TIM BLAIR just lamented a new version of the Golliwogs, with the black savages replaced by something vaguely grey and teddybearish.

Not surprisingly, Rosemary Johnston, of the University of Technology, Sydney, (see post below on UTS’s commie journalism classes) says the changes are for the better: "I think that anything that demeans somebody by the colour of their skin should be taken out."

You can take my golliwog, Rosemary, when you prise it from my cold, dead fingers.
I recently re-read a childhood favorite, The Pink Motel, by Carol Ryrie Brink. It was slightly changed, the little boy named Small, who I remembered as being black, was now, well, undefined. It was odd. Especially since Small was very likable, though much lower in socio-economic status than Bitsy and Kirby.

I've also seen a bowdlerized version of the Doctor Dolittle books. I'm not sure but what that might just be a good thing. I vaguely remember that some of his references to Africans seemed actually malicious and hurtfull, not just a reflection of the patronizing attitudes of his time. (But I have not compared the versions) Other than that, Hugh Lofting was a genius, both as author and illustrator, and THE VOYAGES OF DOCTOR DOLITTLE is one of the GREAT BOOKS OF ALL TIME, and one of the most charming things I have ever read.

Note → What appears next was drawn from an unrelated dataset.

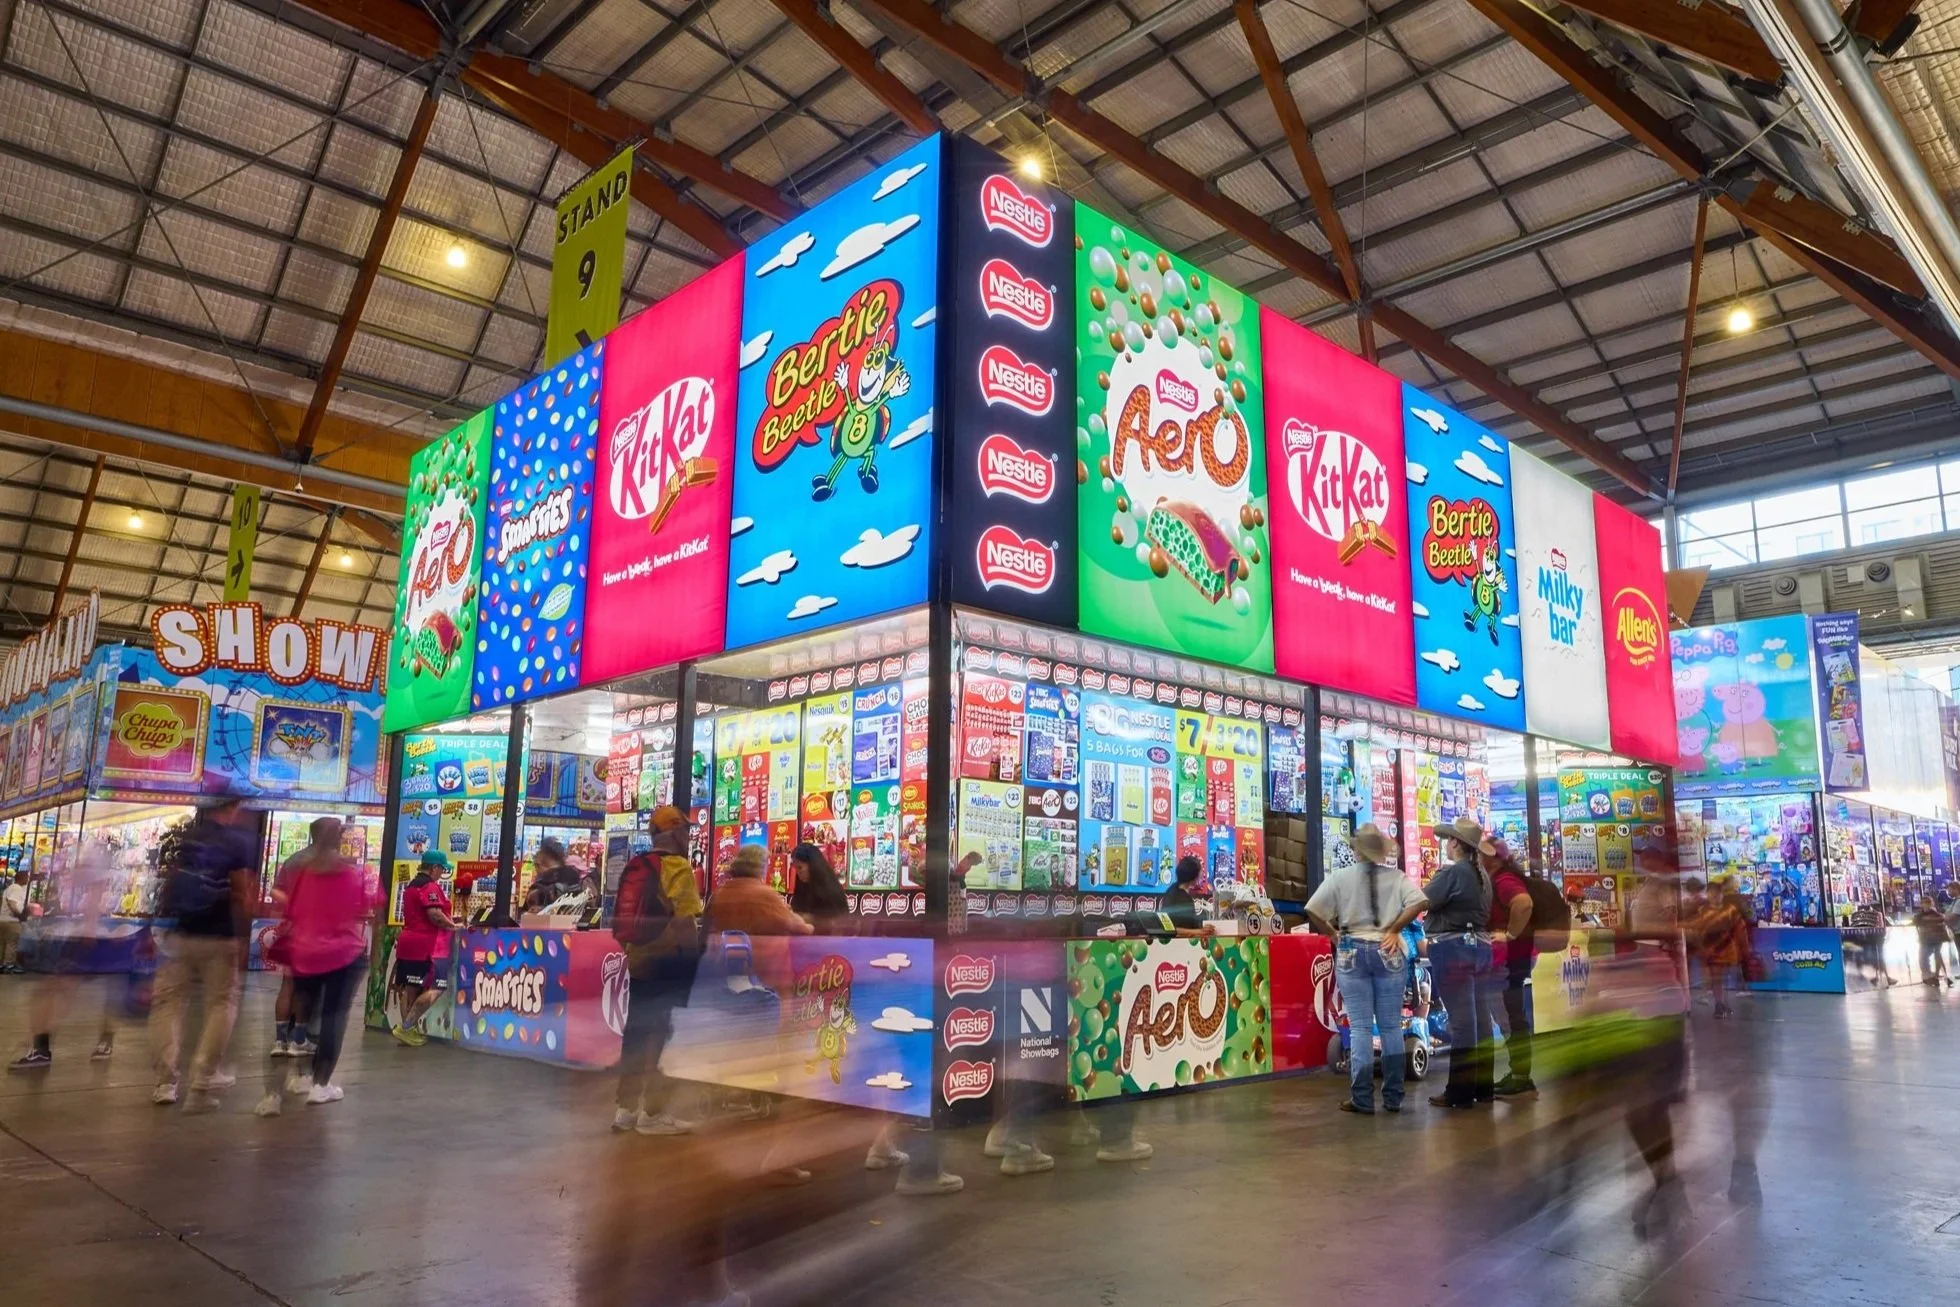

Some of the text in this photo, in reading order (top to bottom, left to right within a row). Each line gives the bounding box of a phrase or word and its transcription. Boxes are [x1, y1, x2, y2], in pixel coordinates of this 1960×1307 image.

One curious thing about bowdlerizing, now and in the past, is that it is never mentioned. There is never a little note in the back of the book indicating that some things were removed.


My reader in Vatican City sends this ecumenical scoop:

The Pope and the Queen of England are on the same stage in front of a huge crowd. Her Majesty and His Holiness, however, have seen it all before. So to make it a little more interesting, the Queen says to the Pope, "Did you know that with just one little wave of my hand I can make every English person in the crowd go wild?" He doubts it, so she shows him.

Sure enough, the royal-gloved wave elicits rapture and cheering from every English person in the crowd. Gradually, the cheering subsides. The Pope, not wanting to be outdone by someone wearing a frock and hat worse than his, considers what he could do. "Your Majesty, that was impressive. But did you know that with just one little wave of MY hand I can make every IRISH person in the crowd go crazy with joy? This joy will not be a momentary display like that of your subjects, but will go deep into their hearts, and they will forever speak of this day and rejoice."

The Queen seriously doubts this, and says so. "One little wave of your hand and all Irish people will rejoice forever? Show me." So, the Pope slapped her.